Quale assicurazione scegliere per il mio natante?

Dipende dal tipo di barca. Con o senza motore? A vela o a motore? Per i natanti a motore l'assicurazione della responsabilità civile è obbligatoria. Lo stesso dicasi per le barche a vela con superficie velica di oltre 15 m2. Dopodiché si pone la questione dell’eventuale copertura complementare, come l’assicurazione casco parziale, o della garanzia totale, come l’assicurazione natanti all risk. AXA offre soluzioni interessanti e versatili per qualunque tipo di natante o esigenza. In linea generale non conviene risparmiare sull’assicurazione natanti.

Quali sono i sinistri più frequenti per i natanti?

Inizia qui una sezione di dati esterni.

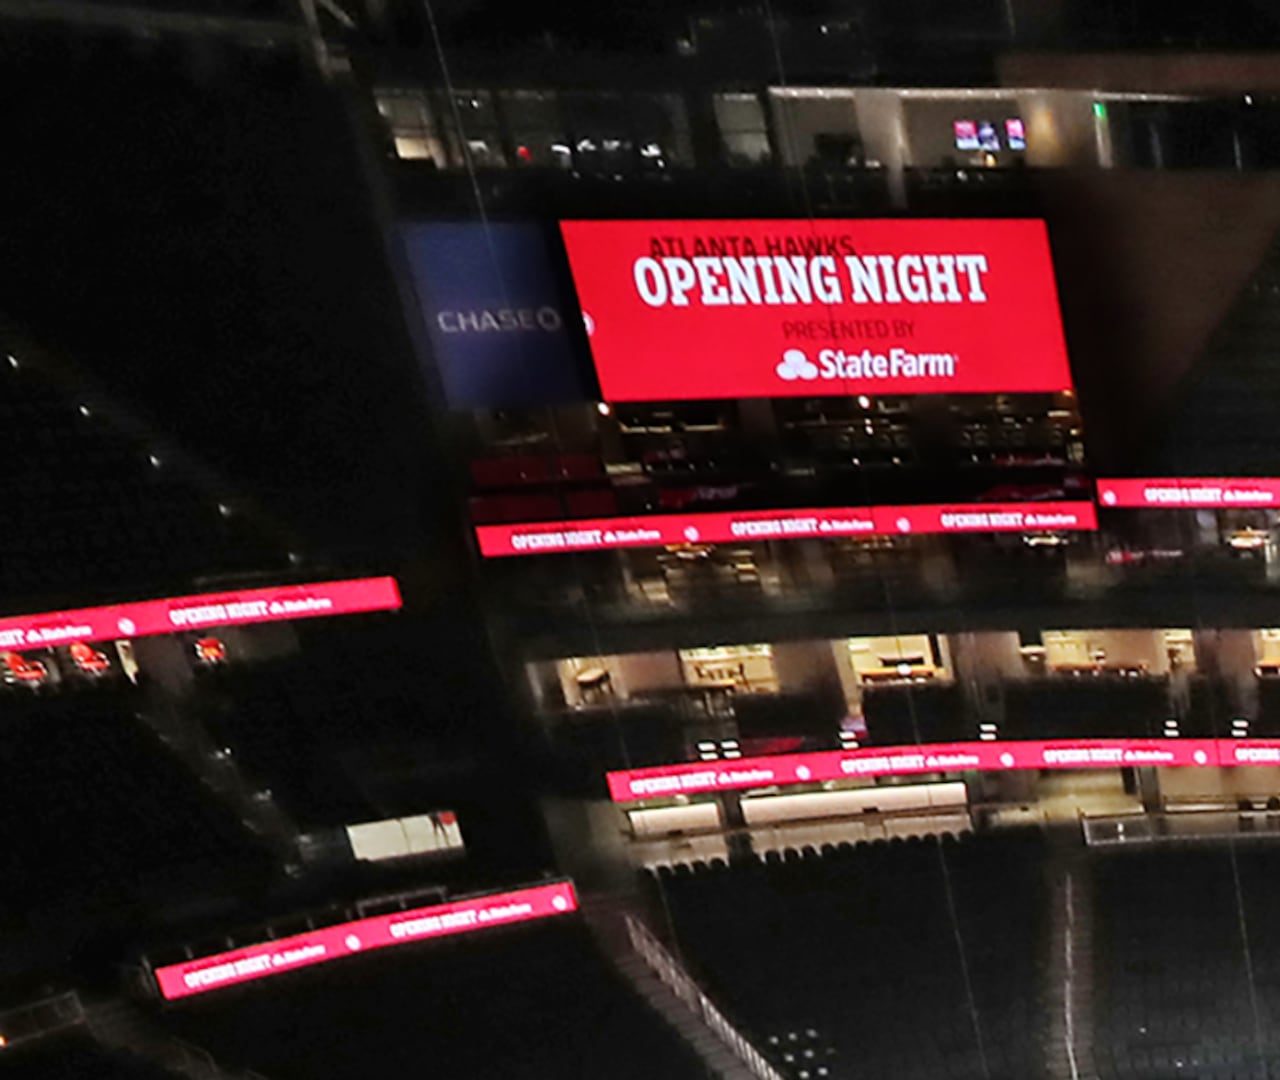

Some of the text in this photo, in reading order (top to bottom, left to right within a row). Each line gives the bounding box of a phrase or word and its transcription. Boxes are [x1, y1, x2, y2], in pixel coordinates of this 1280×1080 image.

[633, 254, 988, 307] OPENING NIGHT
[438, 308, 538, 334] CHASE
[783, 320, 916, 342] PRESENTED BY

Collisioni, strappi alle vele o danni causati da maltempo, sia in navigazione sia in porto. Non ci sono dubbi che il maltempo andrà affrontato: il dubbio è solo quando, perché negli ultimi anni le condizioni meteorologiche sono cambiate profondamente. Oggi sono più frequenti le situazioni estreme, come del resto i danni da grandine. Per questo ci sentiamo di raccomandare perlomeno un’assicurazione casco parziale.

L’altro estremo è la siccità: quando il livello delle acque è troppo basso, spesso si tocca il fondo e basta poco perché i costi vadano alle stelle. Inoltre constato sempre più spesso il verificarsi di incendi.

Parliamo di fuoco: nell’estate 2021 a Lachen, nel Cantone di Svitto, sono bruciate contemporaneamente numerose barche in porto. Come vengono valutati sinistri tanto estremi?

Gli incendi sono più frequenti di quanto si pensi. Inoltre se il fuoco si scatena in porto, spesso i pompieri sono impotenti, perché la maggior parte dei natanti è in plastica o legno. Se il calore raggiunge i 1000 gradi centigradi l’incendio è inestinguibile. E quando un’imbarcazione brucia, ben presto anche la seconda, la terza e la quarta prendono fuoco.

Anch’io sono stato testimone di un incendio in porto sul lago di Costanza, probabilmente scatenato da un cortocircuito di un box frigorifero. In una situazione come questa chi non ha un’assicurazione casco parziale o all risk, in genere, deve sostenere in prima persona tutti i danni. Ripeto, risparmiare sull’assicurazione natanti è un atto di negligenza. Per fortuna in questo caso è stato possibile dimostrare che la coppia di proprietari non aveva alcuna responsabilità. 

Ci sono altre fonti di rischio per i natanti?

Oltre alla grandine, sicuramente la neve. E negli ultimi anni ne è anche caduta parecchia. Quando la nevicata è forte e abbondante, si produce un carico di tonnellate sul persenning, cioè il telone di copertura, e sulle battagliole. E soprattutto quando la neve è bagnata, il carico dall’alto è estremo. Sicuramente da questo punto di vista sta meglio chi sceglie un ricovero al coperto. Io controllo la barca dopo ogni nevicata o forte temporale. In particolare controllo se il telone di copertura sia ghiacciato o si sia spostato. Anche se piove dentro la barca si verificano dei danni: per questo tipo di sinistri vige l’obbligo di diligenza.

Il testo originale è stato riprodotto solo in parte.